Cal Hypo Explained: The Good, The Bad & The Calcium

Calcium hypochlorite, known as cal hypo, is a staple sanitizer for many pool professionals because it delivers strong oxidation in a compact, shelf-stable form. Its percentage strength varies by source: pros often buy 73 to 78 percent, while big-box stores carry around 65 percent. Strength by weight matters when you compare products. A practical field rule equates roughly one pound of 73 percent cal hypo to one gallon of 12.5 percent liquid chlorine, even though the true math says about 22 ounces is closer. That near-parity makes cal hypo useful for routine shocking and midweek boosts, especially when you want portability and fewer heavy jugs. Still, it’s not just about free chlorine output; you need to think through side effects, regional water conditions, and safety.

Safety sits at the center of using cal hypo well. Never mix it with trichlor or dichlor, which contain cyanuric acid; the reaction can be violently exothermic and explosive in feeders, skimmers, or buckets. Avoid putting cal hypo tablets into trichlor feeders, even brand new ones, because their design and residue risks are incompatible. Application method matters by surface too. Vinyl liners can bleach almost instantly if granules touch, and some colored fiberglass finishes can spot. On plaster and pebble, broadcasting is common, but be aware of metals. Cal hypo is a strong oxidizer that can darken copper to a scary black stain on contact; while temporary, those stains spook homeowners and create callbacks you do not want.

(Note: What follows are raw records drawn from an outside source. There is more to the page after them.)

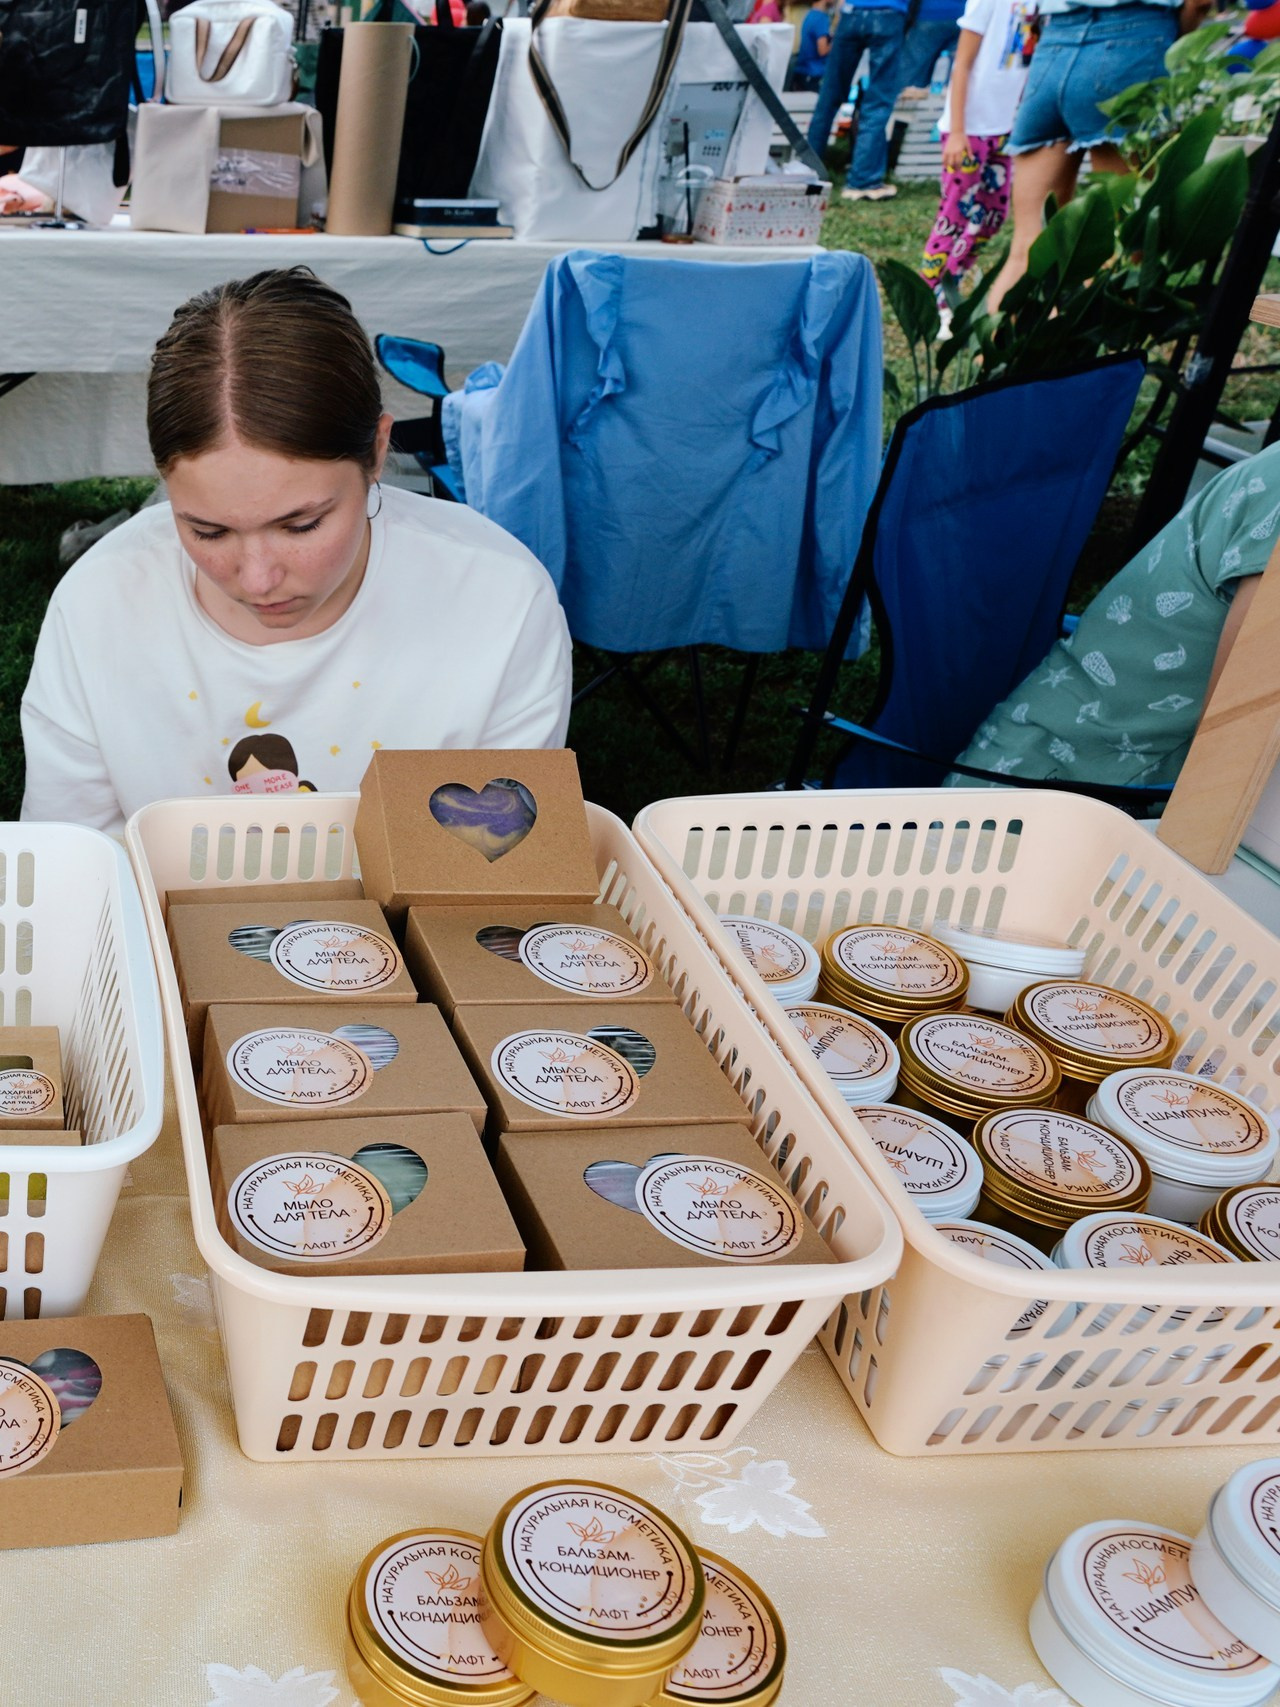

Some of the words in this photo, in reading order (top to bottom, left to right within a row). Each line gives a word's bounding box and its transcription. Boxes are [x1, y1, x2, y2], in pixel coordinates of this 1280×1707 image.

[263, 773, 287, 784] MORE
[234, 783, 251, 793] ONE
[265, 781, 293, 793] PLEASE
[282, 927, 331, 956] НАТУРАЛЬНАЯ
[333, 927, 388, 956] КОСМЕТИКА
[531, 929, 573, 959] НАТУРАЛЬНАЯ
[575, 930, 636, 959] КОСМЕТИКА
[740, 924, 800, 957] НАТУРАЛЬНАЯ
[844, 932, 884, 960] НАТУРАЛЬНАЯ
[886, 933, 946, 962] КОСМЕТИКА
[306, 958, 333, 966] ДЛЯ
[560, 961, 586, 969] ДЛЯ
[1037, 988, 1070, 1023] НАТУРАЛЬНАЯ
[1070, 988, 1142, 1016] КОСМЕТИКА
[788, 1011, 843, 1024] СМЕТИКА
[1062, 1020, 1140, 1031] КОНДИЦИОНЕР
[240, 1033, 296, 1065] НАТУРАЛЬНАЯ
[298, 1034, 358, 1066] КОСМЕТИКА
[811, 1026, 845, 1060] АМПУНЬ
[924, 1021, 993, 1038] НАТУРАЛЬНАЯ
[995, 1029, 1039, 1072] КОСМЕТИКА
[1111, 1042, 1138, 1050] ЛАФТ
[505, 1036, 554, 1073] НАТУРАЛЬНАЯ
[556, 1037, 621, 1073] КОСМЕТИКА
[932, 1042, 1025, 1076] КОНДИЦИОНЕР
[951, 1040, 1010, 1063] БАЛЬЗАМ-
[541, 1066, 586, 1074] МЫЛО
[862, 1054, 878, 1071] ЛАФТ
[266, 1067, 296, 1076] ДЛЯ
[298, 1067, 336, 1075] ТЕЛА
[535, 1075, 564, 1084] ДЛЯ
[568, 1075, 604, 1083] ТЕЛА
[955, 1071, 989, 1084] ЛАФТ
[1123, 1079, 1157, 1117] НАТУРАЛЬНАЯ
[1159, 1079, 1238, 1111] КОСМЕТИКА
[1146, 1107, 1231, 1122] ШАМПУНЬ
[891, 1117, 925, 1131] ЛАФТ
[999, 1132, 1011, 1153] ЛАФТ
[1056, 1120, 1127, 1172] НАТУРАЛЬНАЯ
[1208, 1140, 1238, 1149] ЛАФТ
[875, 1140, 944, 1170] ШАМПУ
[1039, 1123, 1056, 1179] КОНДИЦИОНЕР
[243, 1161, 302, 1210] НАТУРАЛЬНАЯ
[305, 1161, 374, 1203] КОСМЕТИКА
[650, 1164, 701, 1207] НАТУРАЛЬНАЯ
[704, 1165, 780, 1208] КОСМЕТИКА
[1065, 1168, 1126, 1194] КОСМЕТИКА
[283, 1198, 334, 1211] МЫЛО
[692, 1200, 742, 1209] МЫЛО
[273, 1211, 306, 1224] ДЛЯ
[307, 1208, 350, 1220] ТЕЛА
[687, 1210, 719, 1220] ДЛЯ
[719, 1210, 763, 1220] ТЕЛА
[951, 1234, 985, 1246] ЛАФТ
[1107, 1226, 1190, 1248] КОСМЕТИКА
[302, 1241, 338, 1250] ЛАФТ
[723, 1241, 757, 1250] ЛАФТ
[520, 1498, 590, 1552] НАТУРАЛЬНАЯ
[594, 1500, 673, 1565] КОСМЕТИКА
[557, 1546, 635, 1562] БАЛЬЗАМ-
[382, 1546, 447, 1604] НАТУРАЛЬНАЯ
[538, 1561, 661, 1581] КОНДИЦИОНЕР
[1093, 1543, 1129, 1622] НАТУРАЛЬНАЯ
[1118, 1539, 1188, 1560] КОСМЕТ
[704, 1572, 752, 1620] МЕТИКА
[589, 1608, 630, 1620] ЛАФТ
[448, 1654, 486, 1665] ЛАФТ
[683, 1668, 720, 1679] ЛАФТ

Every sanitizer leaves something behind. Liquid chlorine adds salt, trichlor and dichlor add cyanuric acid, and cal hypo adds calcium. That’s good or bad depending on your zip code. In regions like Southern California, where calcium hardness often runs 400 to 500 ppm, use cal hypo sparingly to limit scaling pressure. In parts of Florida or Texas with 150 to 250 ppm hardness, cal hypo’s calcium gain is manageable, and partial drains can correct drift. Expect roughly 7 ppm calcium added for every 10 ppm of free chlorine in 10,000 gallons. Also note cal hypo’s high pH near 11 to 12. Light doses raise pool pH slightly and temporarily; heavy shocking may need acid balancing. Planning dosing within a full water balance strategy keeps LSI in check and surfaces protected.

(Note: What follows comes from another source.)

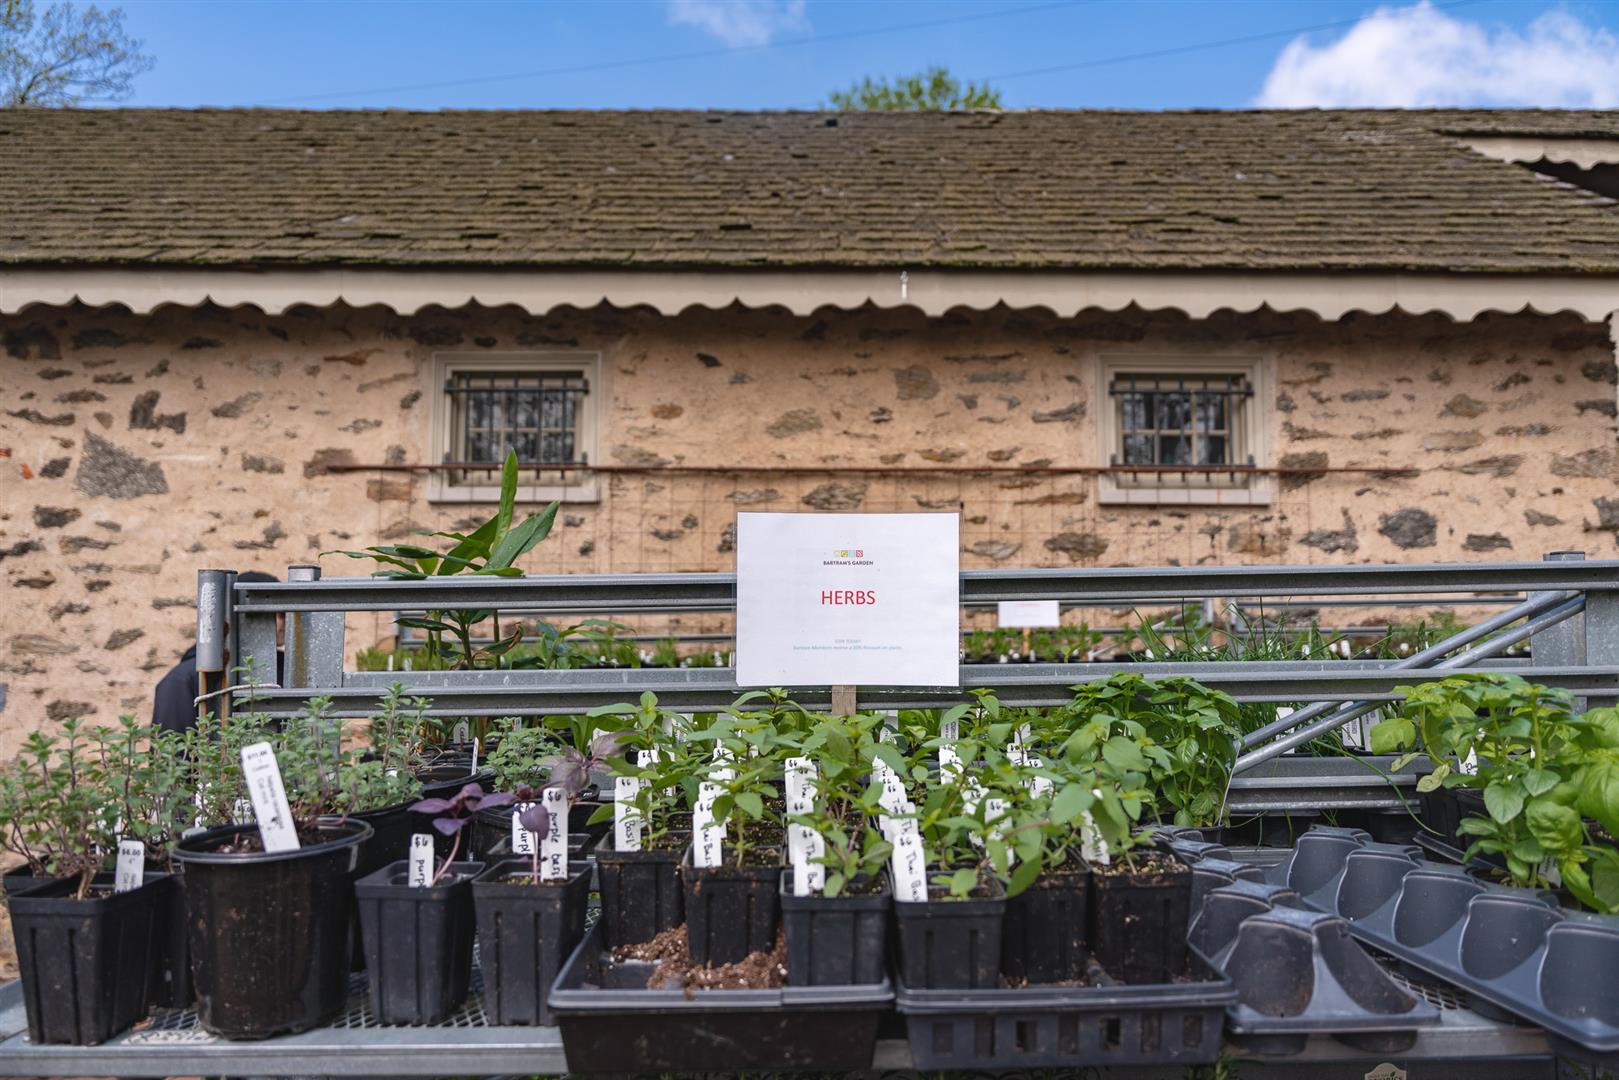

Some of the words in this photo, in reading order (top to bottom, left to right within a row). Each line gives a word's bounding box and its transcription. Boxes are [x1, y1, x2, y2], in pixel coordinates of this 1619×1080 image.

[821, 590, 876, 605] HERBS
[547, 789, 562, 803] $6
[415, 836, 428, 848] $6

Because cal hypo is unstabilized, sunlight will strip it fast without cyanuric acid. If you run cal hypo as your primary oxidizer, set CYA around 50 to 70 ppm to slow UV burn-off while keeping chlorine efficient. Treat it like liquid chlorine in schedule and expectations: add more often during heat, bather load spikes, and strong sun. Cal hypo tablets exist, but they are not trichlor equivalents. Field experience shows you may need five or six cal hypo tabs to match the output of three trichlor tabs in a 25,000-gallon pool, and they demand higher flow. In hot markets like Arizona or Las Vegas, skimmer-placed cal hypo tabs may dissolve in two days when water hits the high 80s or 90s, undermining weekly plans. Dedicated cal hypo feeders with strong flow improve consistency, but many residential systems still rely on skimmer flow, so watch temperature and dissolution rate closely.

Where cal hypo shines is targeted problem-solving. It’s excellent for shocking without adding CYA, and the granular form can knock out stubborn algae embedded in pebble finishes or stair corners that resist brushing. Carefully placing broken cal hypo tablets on step edges can clear green tufts overnight on plaster and pebble, though avoid vinyl and be cautious with colored fiberglass. For service routes, one-pound bags are convenient to haul and leave at accounts that need frequent boosts, with 25 to 50 pound buckets staged by equipment for homeowner top-ups under guidance. Done right, cal hypo offers strong, fast oxidation, flexible logistics, and reliable algae control, provided you respect its interactions, protect it with the right CYA level, and apply it with surface safety and metals in mind.